Nick Welters (Klasse 8a)

Unvergessliche Tage in Spanien

Eine Woche, auf die sich viele schon seit Monaten gefreut hatten: Direkt nach den Osterferien machte sich unsere Austauschgruppe aus der Q1 gemeinsam mit Herrn Fervers-Dohmen und Frau Emunds auf den Weg nach Spanien, um ihre Partnerschule, das Institut La Mirjana in Lleida, Katalonien, zu besuchen. Nachdem uns die spanischen Gastschülerinnen und Gastschüler bereits im November am KGH besucht hatten, war die Vorfreude auf das Wiedersehen riesengroß.

Die Woche in Spanien war für unsere Schülerinnen und Schüler eine ganz besondere Erfahrung: Sie wurden von ihren Gastfamilien unglaublich herzlich aufgenommen, konnten den Schulalltag am Institut La Mitjana kennenlernen und viele neue Eindrücke sammeln.
Neben der Erkundung der Stadt Lleida mit Führung durch die Altstadt stand auch ein Besuch der beeindruckenden Seu Vella auf dem Programm.
Weitere Höhepunkte waren die Ausflüge nach Barcelona, wo unter anderem die berühmte Sagrada Família besichtigt wurde, sowie nach Cambrils, wo auch Zeit am Strand nicht fehlen durfte.
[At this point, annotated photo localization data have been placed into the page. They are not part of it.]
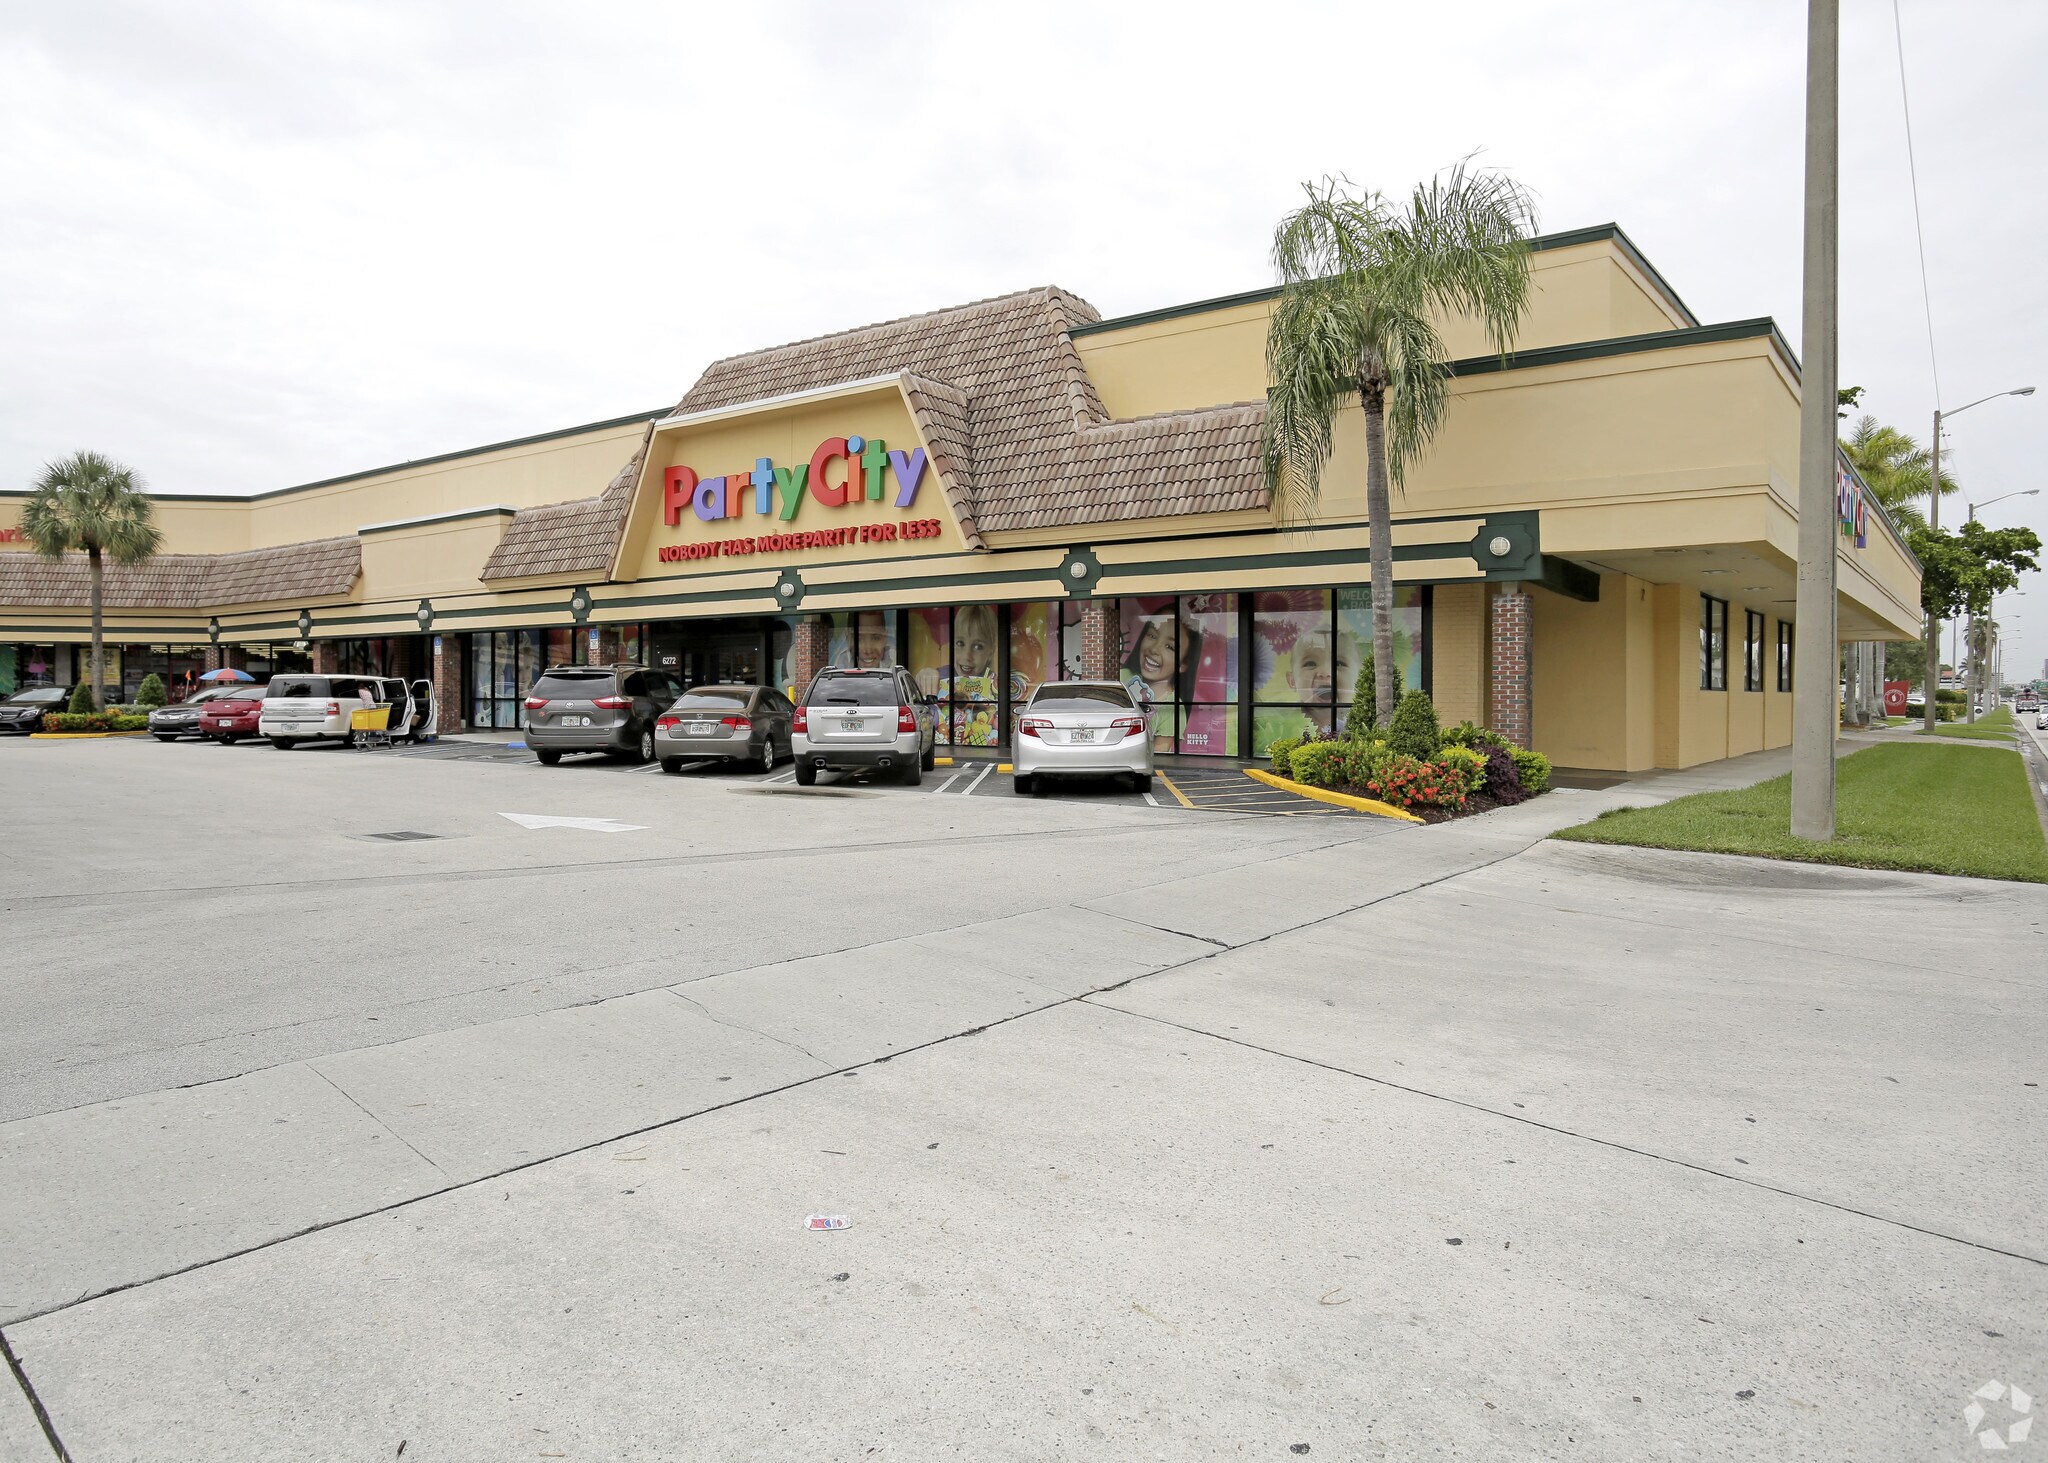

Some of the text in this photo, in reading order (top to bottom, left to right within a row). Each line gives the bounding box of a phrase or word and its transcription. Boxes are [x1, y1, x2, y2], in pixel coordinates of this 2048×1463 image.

[659, 541, 721, 562] NOBODY
[721, 537, 755, 556] HAS
[860, 523, 896, 542] FOR
[899, 519, 941, 540] LESS
[662, 657, 676, 665] 6272
Neben vielen kulturellen Eindrücken, kulinarischen Erlebnissen und dem Besuch eines Castellers-Trainings stand vor allem eines im Mittelpunkt: Freundschaft, neue Erfahrungen und gelebter interkultureller Austausch.
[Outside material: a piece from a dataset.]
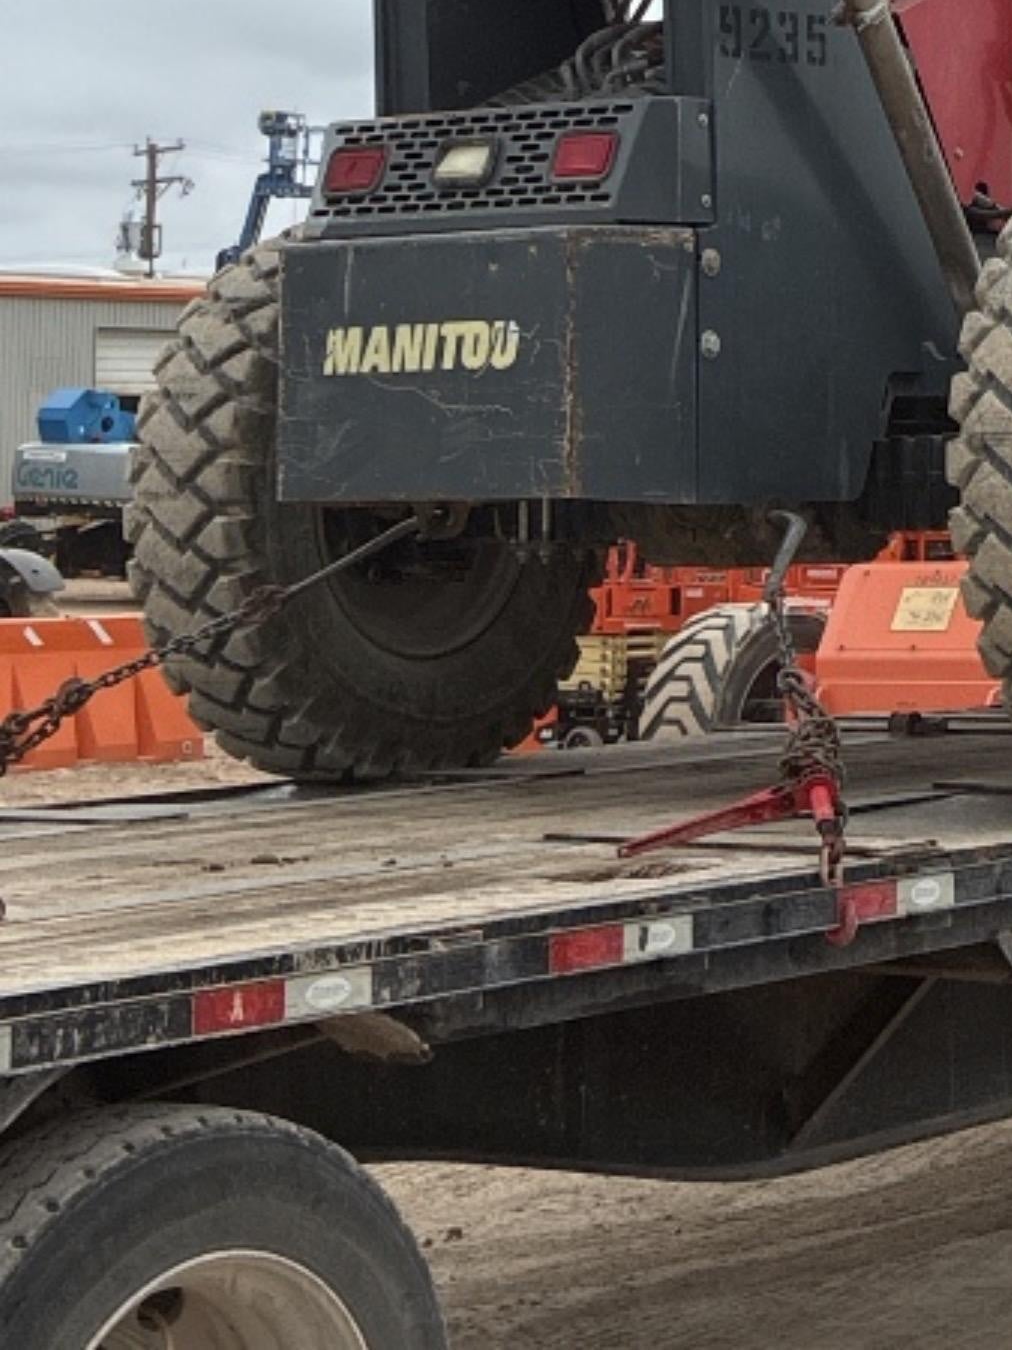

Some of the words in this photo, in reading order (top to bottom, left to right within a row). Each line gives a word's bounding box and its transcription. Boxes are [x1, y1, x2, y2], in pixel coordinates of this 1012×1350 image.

Zurück bleiben großartige Erinnerungen, neue Freundschaften und viel Vorfreude auf ein Wiedersehen.

Ein herzlicher Dank gilt der Sparkassenstiftung der Kreissparkasse Heinsberg, die diesen Austausch durch ihre großzügige Förderung unterstützt und mitermöglicht hat.

Wir freuen uns schon auf den nächsten Austausch im kommenden Schuljahr!